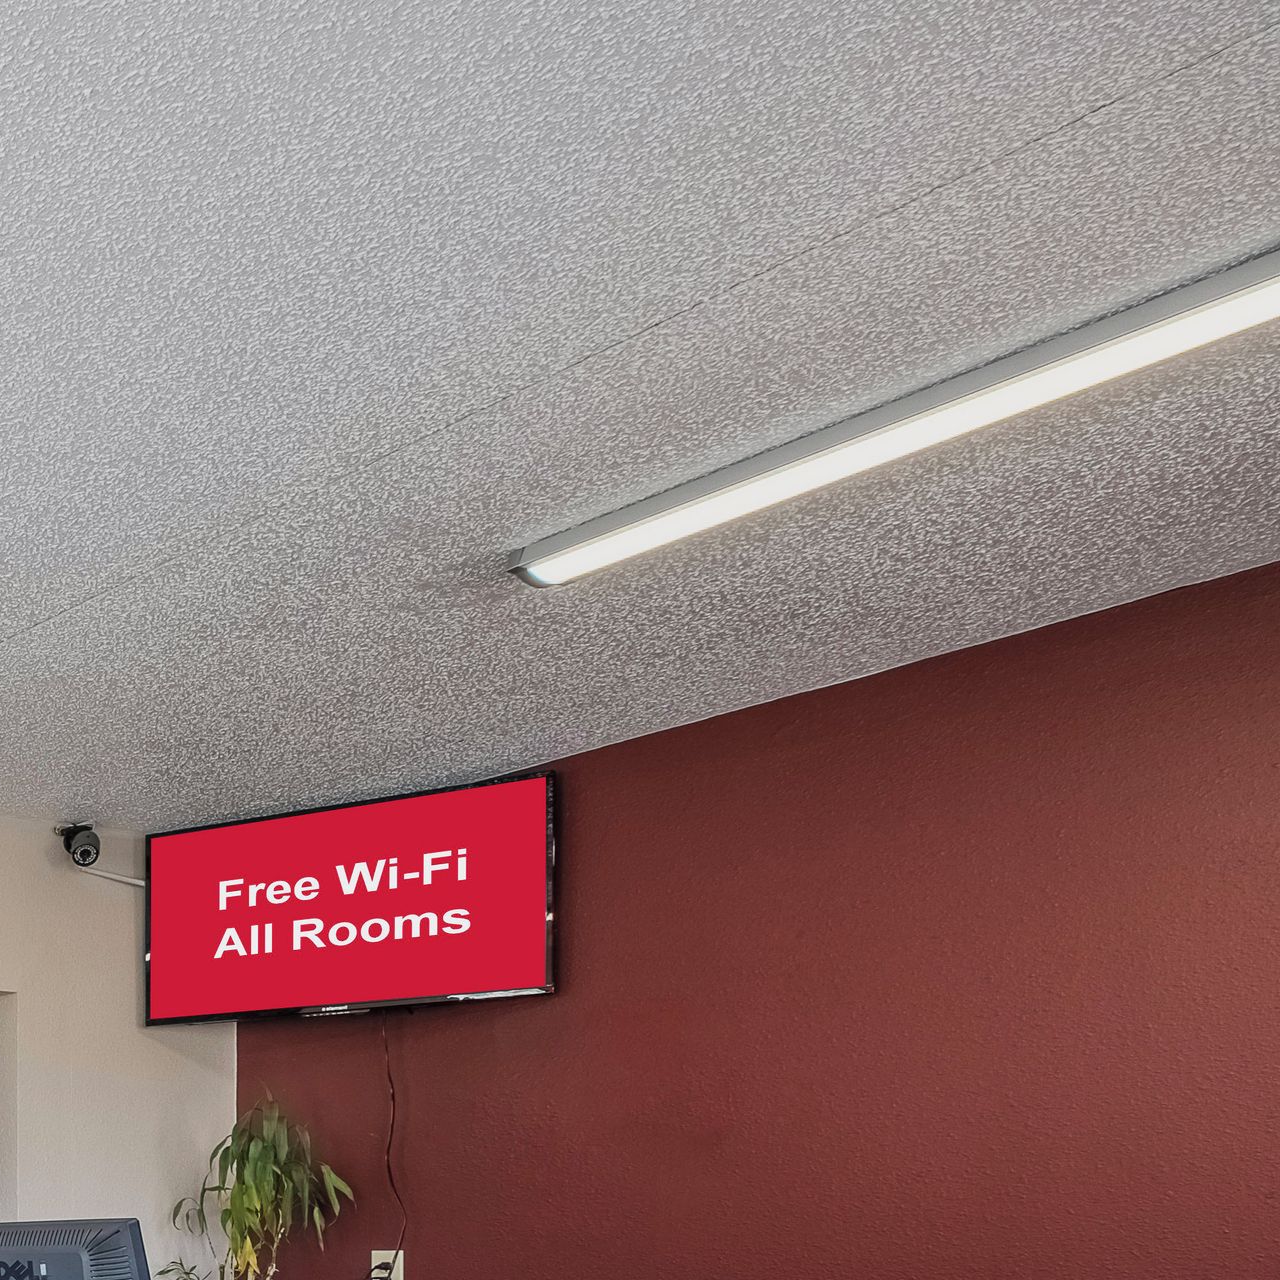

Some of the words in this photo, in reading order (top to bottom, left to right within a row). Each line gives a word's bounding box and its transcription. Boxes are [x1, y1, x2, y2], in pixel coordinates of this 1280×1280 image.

[219, 877, 319, 910] Free
[336, 848, 467, 895] Wi-Fi
[214, 923, 273, 959] All
[293, 908, 471, 950] Rooms
──────────────────────────────
## Goal of the exercise
Please retype the records above exactly, but leave out any pictures.

## Solution to this task
Some of the words in this photo, in reading order (top to bottom, left to right within a row). Each line gives a word's bounding box and its transcription. Boxes are [x1, y1, x2, y2], in pixel coordinates of this 1280×1280 image.

[219, 877, 319, 910] Free
[336, 848, 467, 895] Wi-Fi
[214, 923, 273, 959] All
[293, 908, 471, 950] Rooms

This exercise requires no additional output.